Abstract

INTRODUCTION: Gastric outlet obstruction is usually a sequelae of malignancy or PUD. When these causes are ruled out, other etiologies like gastroparesis should be considered. CASE DESCRIPTION/METHODS: A 72 year old female nursing home resident with a history of schizophrenia, depression, dementia (on Mirtazapine, Trazodone, and Donepezil), hypothyroidism, and longstanding type 2 diabetes with a Hemoglobin A1c of 6.1% was admitted with abdominal pain, emesis, and increased agitation. CT of the abdomen and pelvis revealed marked fluid filled distention of the stomach and proximal duodenum with no clear gastric outlet obstruction (Figure 1). Nasogastric tube placement was not tolerated by the patient.
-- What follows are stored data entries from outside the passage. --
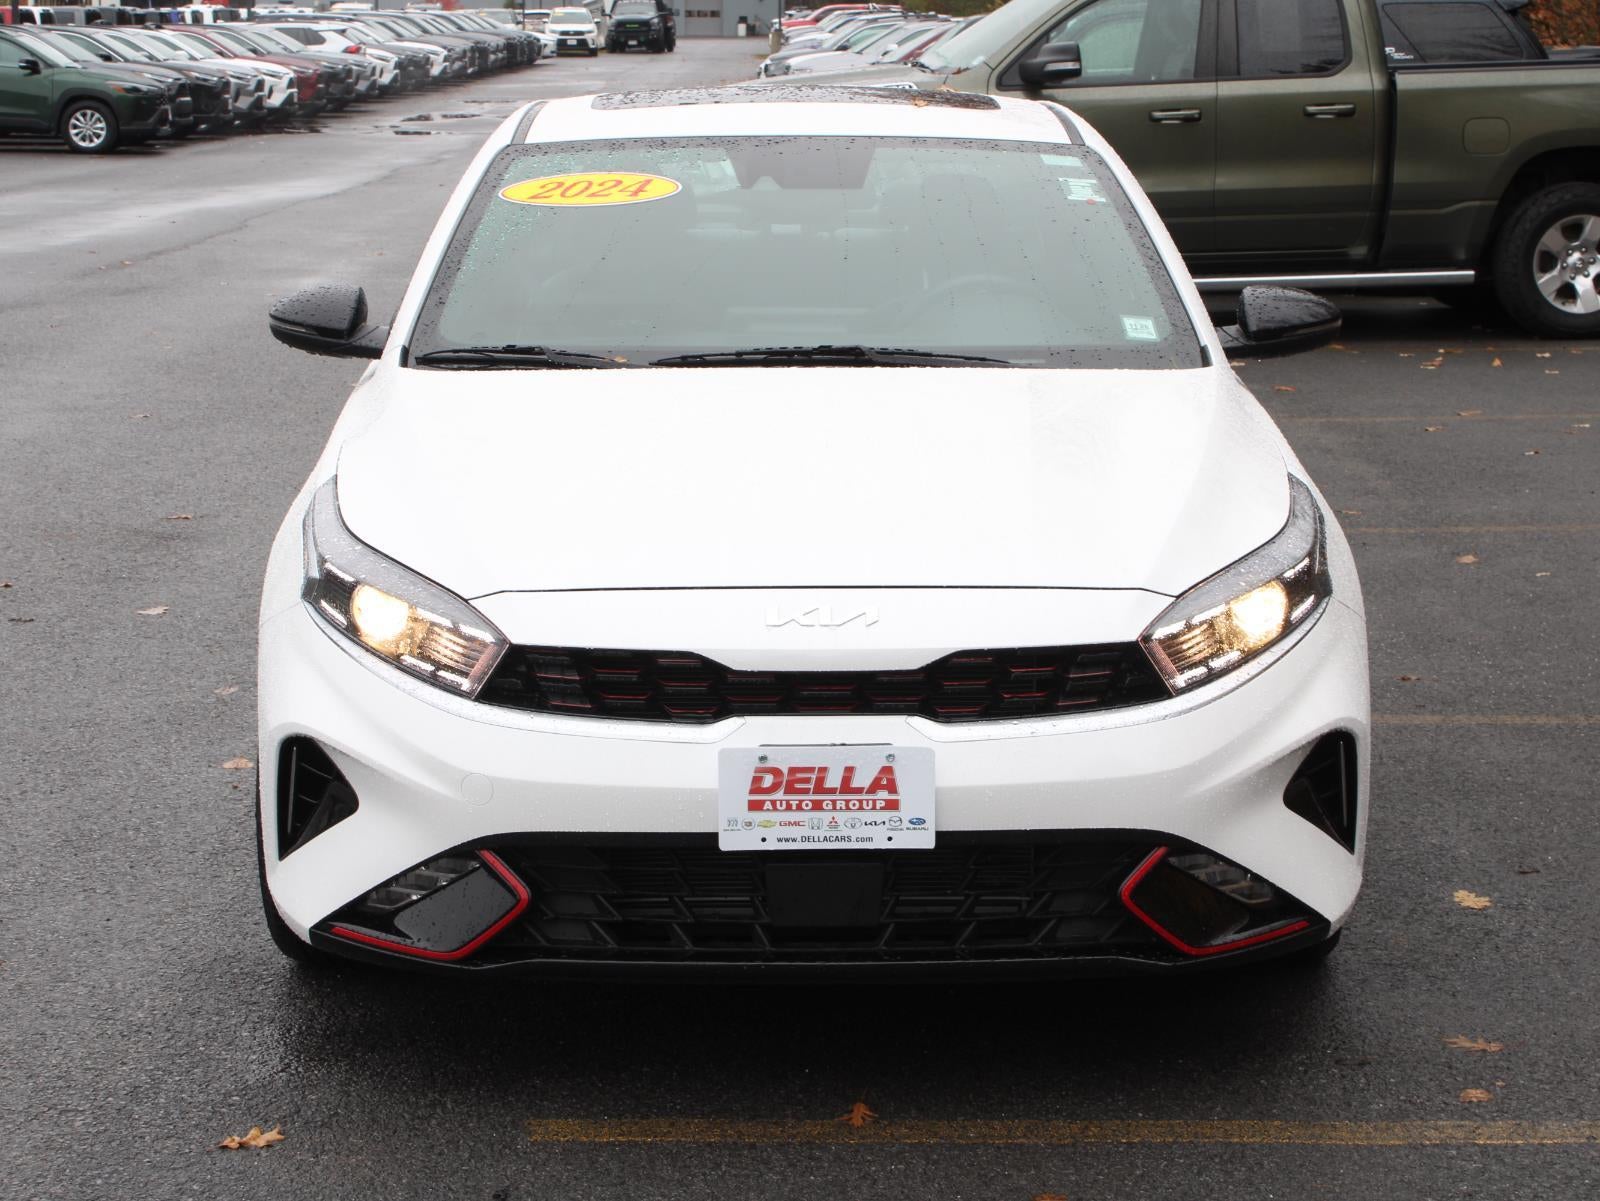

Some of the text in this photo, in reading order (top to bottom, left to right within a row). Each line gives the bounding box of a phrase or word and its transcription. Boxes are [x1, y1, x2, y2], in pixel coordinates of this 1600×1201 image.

[527, 178, 653, 200] 2024
[748, 765, 900, 796] DELLA
[762, 800, 887, 810] AUTO GROUP
[776, 835, 874, 844] www.DELLACARS.com
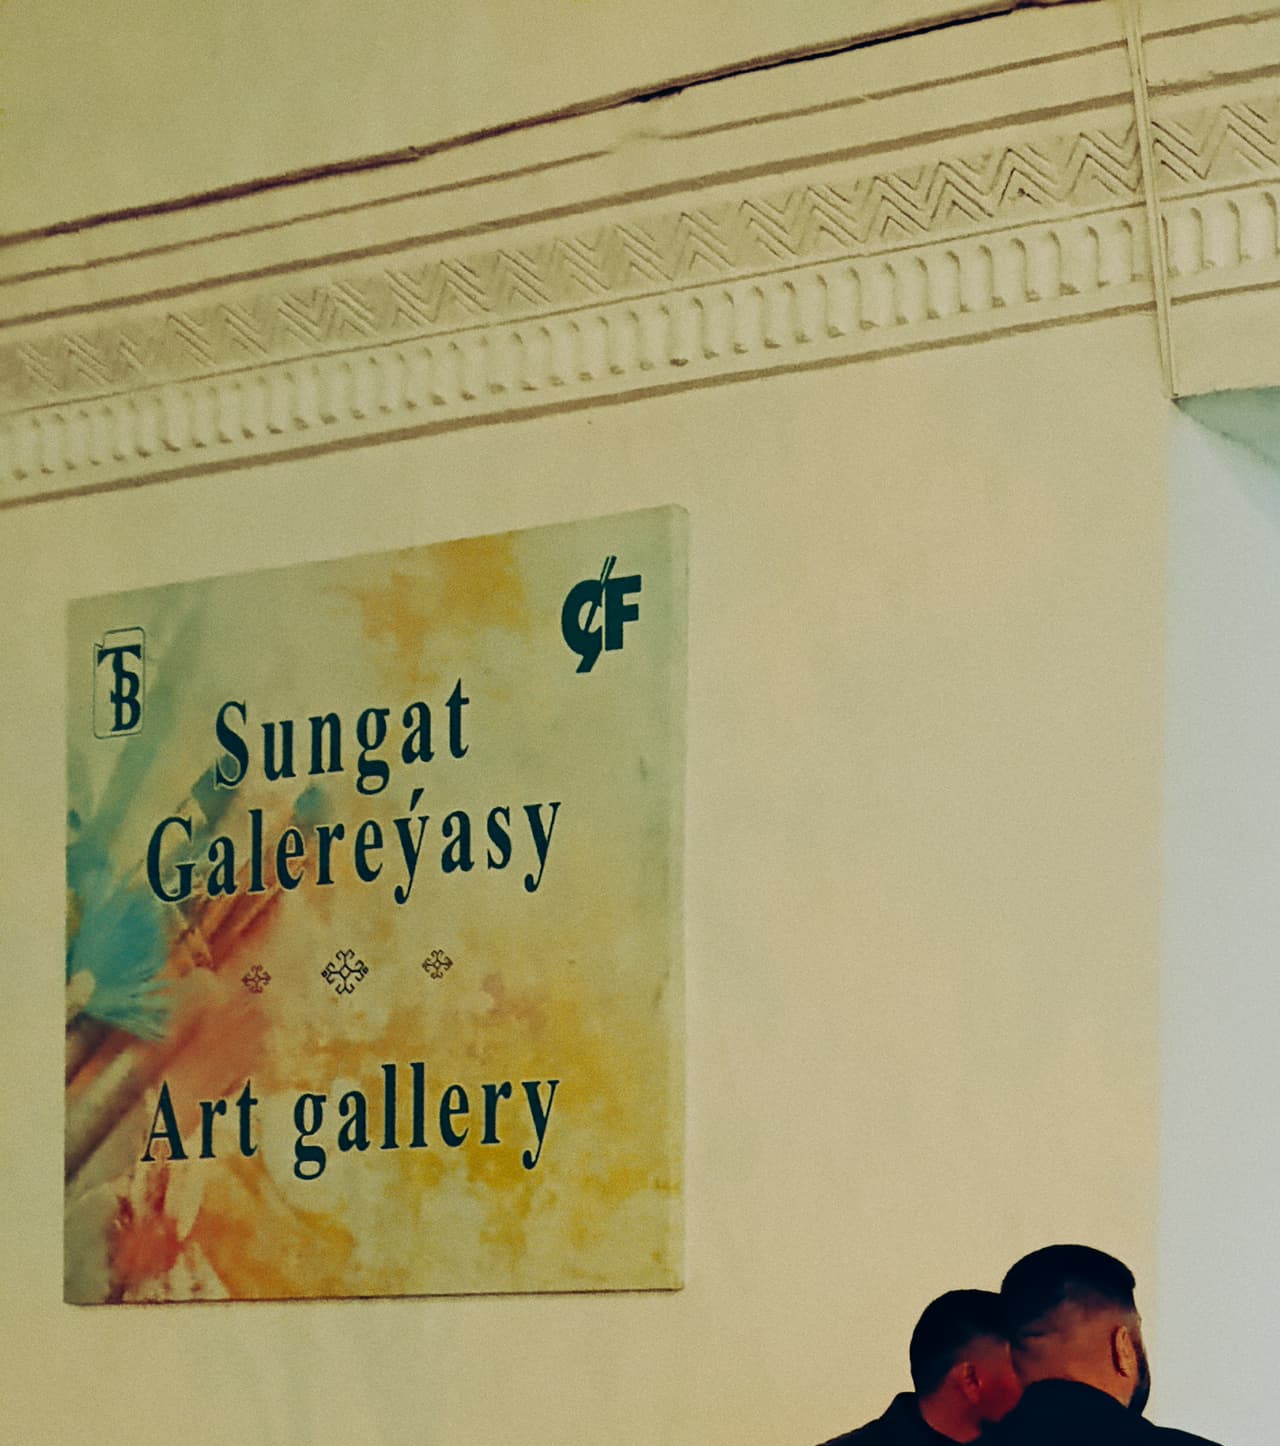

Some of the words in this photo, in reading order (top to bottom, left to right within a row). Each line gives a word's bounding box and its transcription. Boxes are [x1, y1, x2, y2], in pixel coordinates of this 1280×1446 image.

[213, 678, 471, 796] Sungat
[146, 788, 562, 905] Galereýasy
[140, 1078, 260, 1163] Art
[292, 1061, 561, 1181] gallery
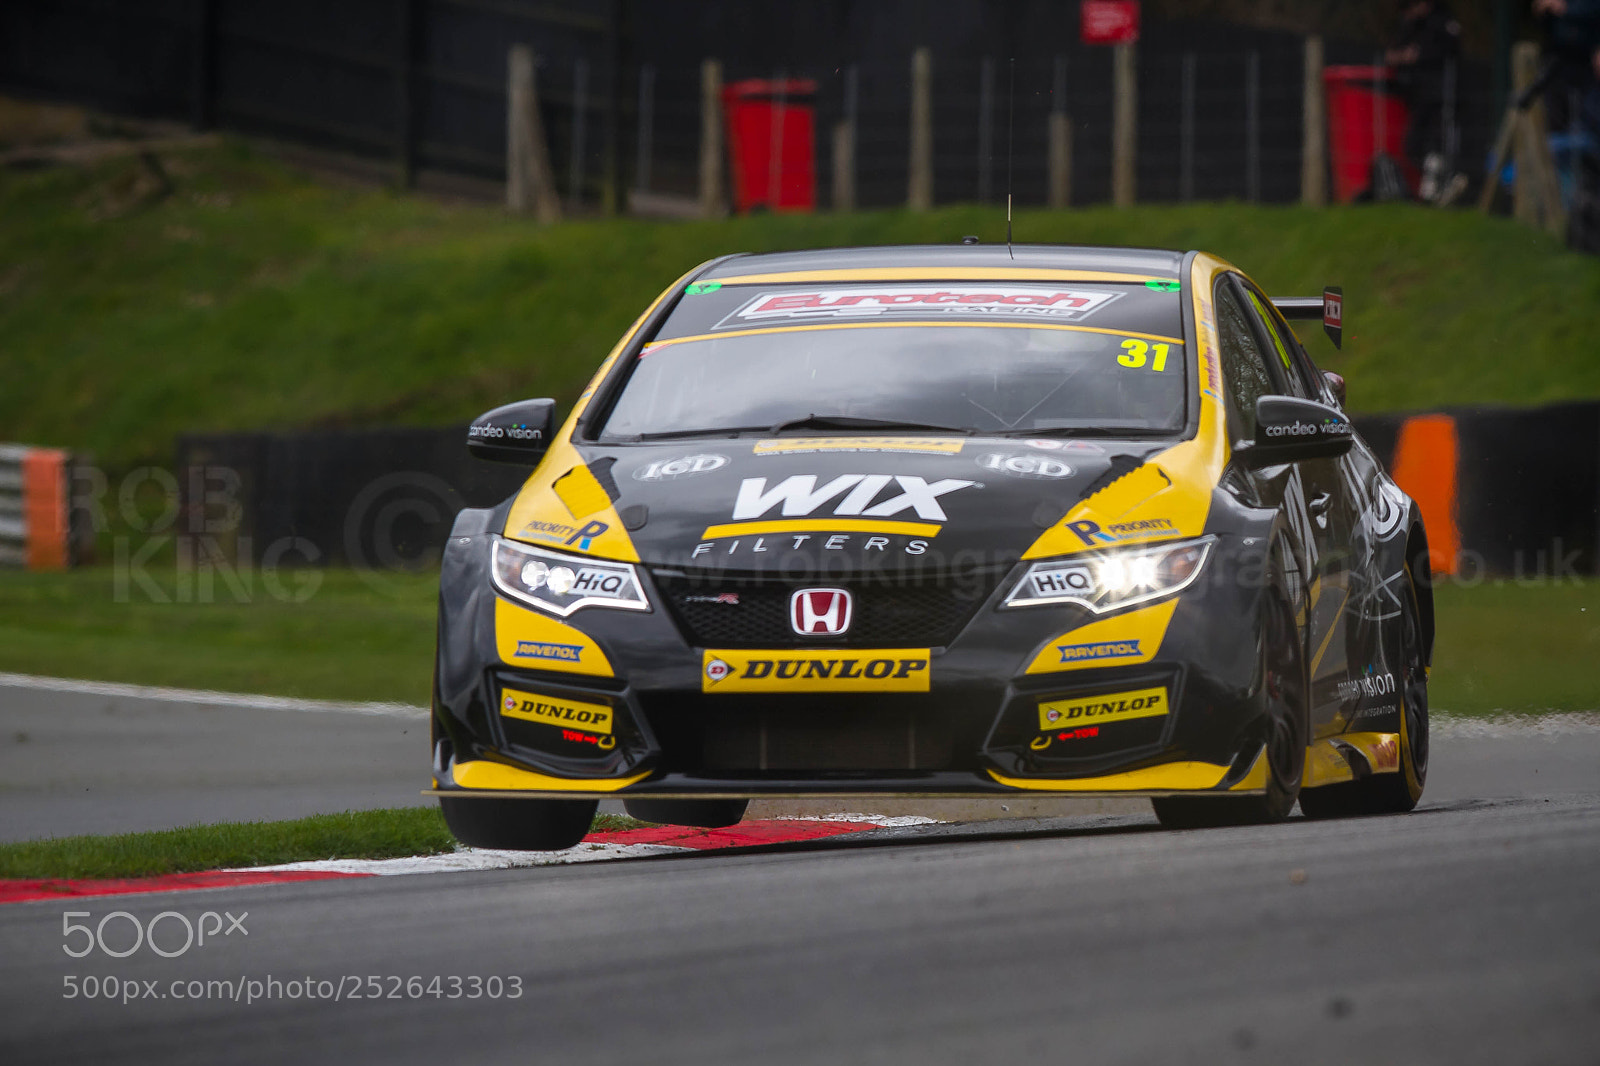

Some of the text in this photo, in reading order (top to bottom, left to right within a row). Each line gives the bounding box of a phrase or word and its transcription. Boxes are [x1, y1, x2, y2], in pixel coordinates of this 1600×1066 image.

[753, 291, 1090, 313] Eurotech
[943, 306, 1074, 317] RACING
[1117, 339, 1170, 372] 31
[469, 423, 542, 439] candeo vision
[1265, 419, 1352, 437] candeo vision
[732, 474, 976, 521] WIX
[1108, 518, 1173, 534] PRIORITY
[691, 534, 930, 559] FILTERS
[573, 572, 622, 594] HiQ
[1035, 572, 1089, 592] HiQ
[519, 643, 578, 660] RAVENOL
[1064, 643, 1137, 659] RAVENOL
[740, 659, 927, 679] DUNLOP
[519, 700, 608, 725] DUNLOP
[1066, 695, 1160, 719] DUNLOP
[562, 729, 585, 743] TOW
[1074, 726, 1099, 740] TOW
She was then made NPO and gradually advanced to a clear liquid diet. EGD performed six days later revealed a normal duodenum with mild stomach distention and no evidence of gastric outlet obstruction (Figures 2 and 3). Her symptoms then resolved and she was discharged. DISCUSSION: Our patient presented with non-obstructive, massive gastric distention, which improved rapidly with dietary restriction. Gastroparesis was thought to be the primary diagnosis due to her risk factors of diabetes and psychotropic medication use. The cause of gastroparesis is most commonly idiopathic, but it is also linked to diabetes, certain medications, postsurgical injuries, hypothyroidism, and post viral syndromes. In diabetes oxidative stress and long-standing disease leading to autonomic dysfunction are postulated mechanisms for gastroparesis. A recent review demonstrated the following prevalence of gastroparesis over a 10 year time period: 5.2% in Type 1 Diabetes, 1.0% in Type 2 Diabetes, and 0.2% in controls. Additionally, antidepressants and antipsychotic medications (eg, anticholinergic, dopamine agonists, tricyclic antidepressants) have been suggested as possible triggers for gastroparesis. Commonly prescribed medications including calcium channel blockers, narcotics, glucagon-like peptide-1 agonists and amylin analogues have similar effects. Our case is interesting as it demonstrates how gastric distention can develop to a massive extent in the setting of offending drugs, despite well controlled diabetes. Patients with longstanding diabetes taking multiple psychiatric medications are at a particularly high risk of developing gastroparesis.